__Instructions for the task__:
Repeat the records exactly as given. Do not include the pictures.

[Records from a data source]
####
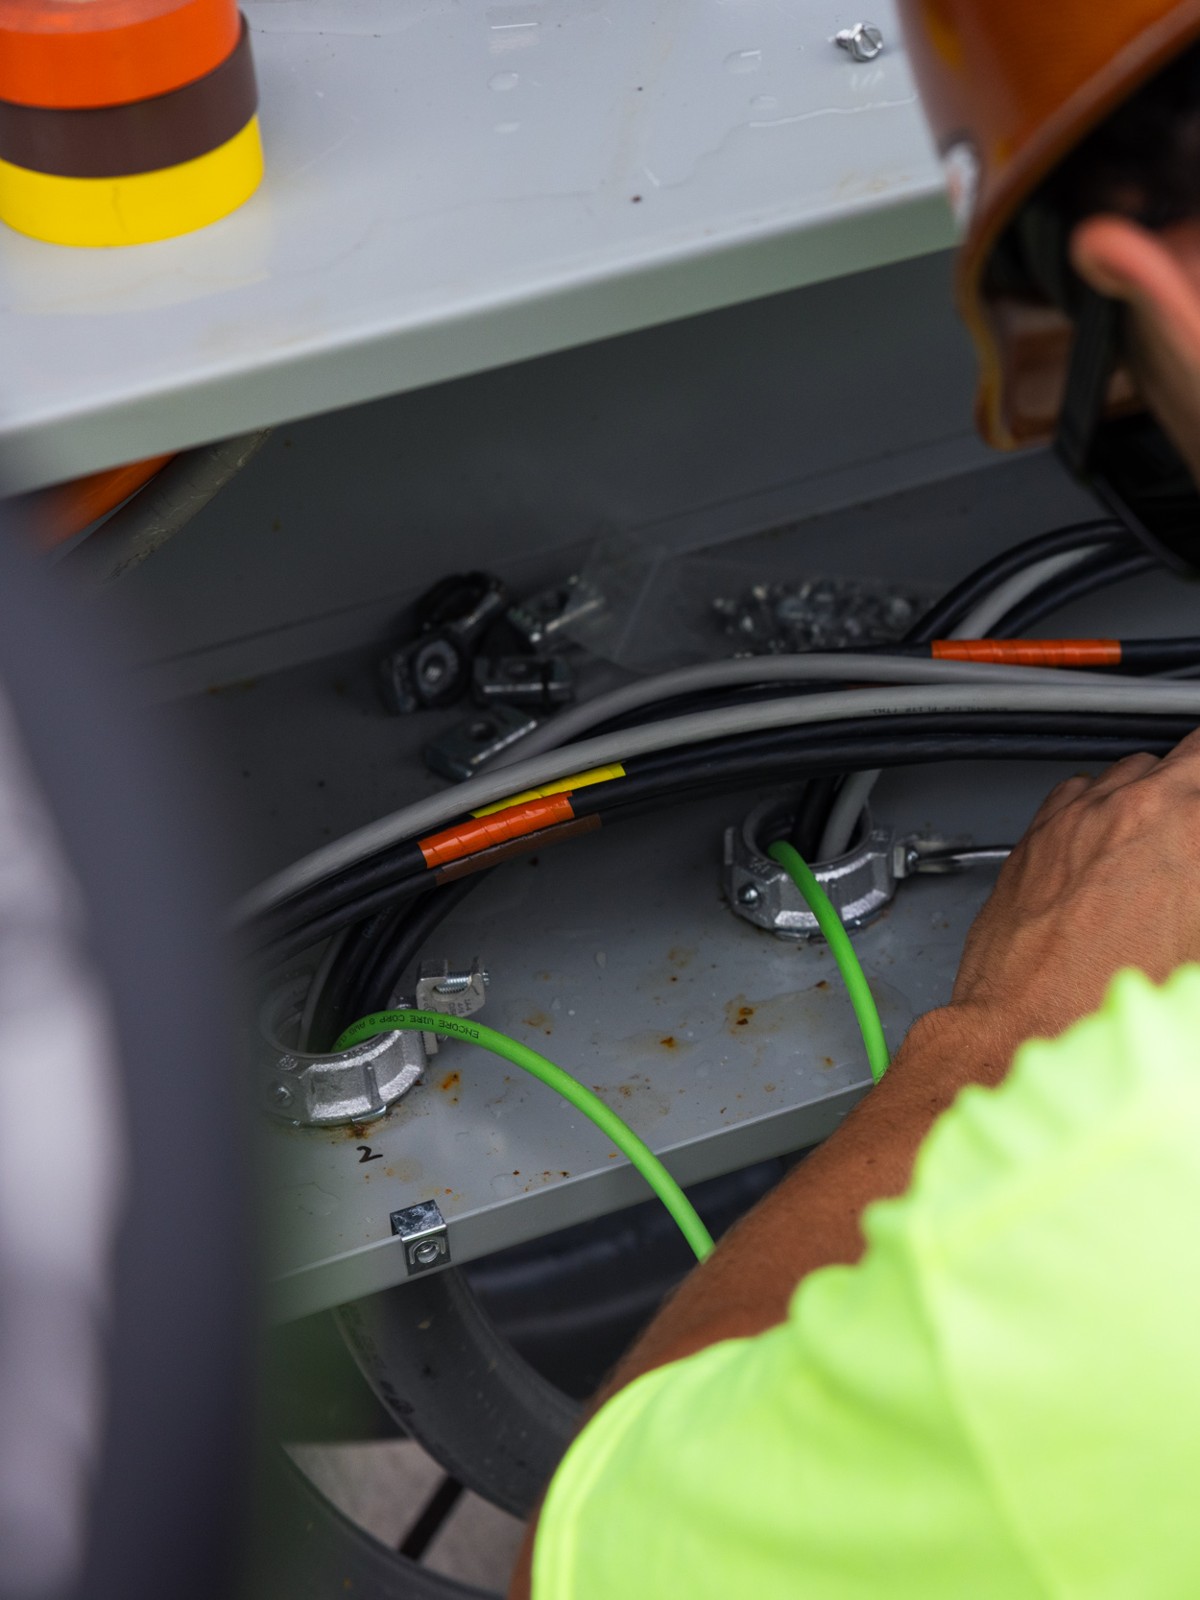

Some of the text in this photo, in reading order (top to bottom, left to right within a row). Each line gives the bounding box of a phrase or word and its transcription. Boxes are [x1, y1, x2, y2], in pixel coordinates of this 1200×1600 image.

[379, 1014, 405, 1023] CORP
[410, 1014, 434, 1025] WIRE
[439, 1020, 480, 1039] ENCORE
[356, 1145, 383, 1162] 2
####
__Solution to this exercise__:
Some of the text in this photo, in reading order (top to bottom, left to right within a row). Each line gives the bounding box of a phrase or word and its transcription. Boxes are [x1, y1, x2, y2], in pixel coordinates of this 1200×1600 image.

[379, 1014, 405, 1023] CORP
[410, 1014, 434, 1025] WIRE
[439, 1020, 480, 1039] ENCORE
[356, 1145, 383, 1162] 2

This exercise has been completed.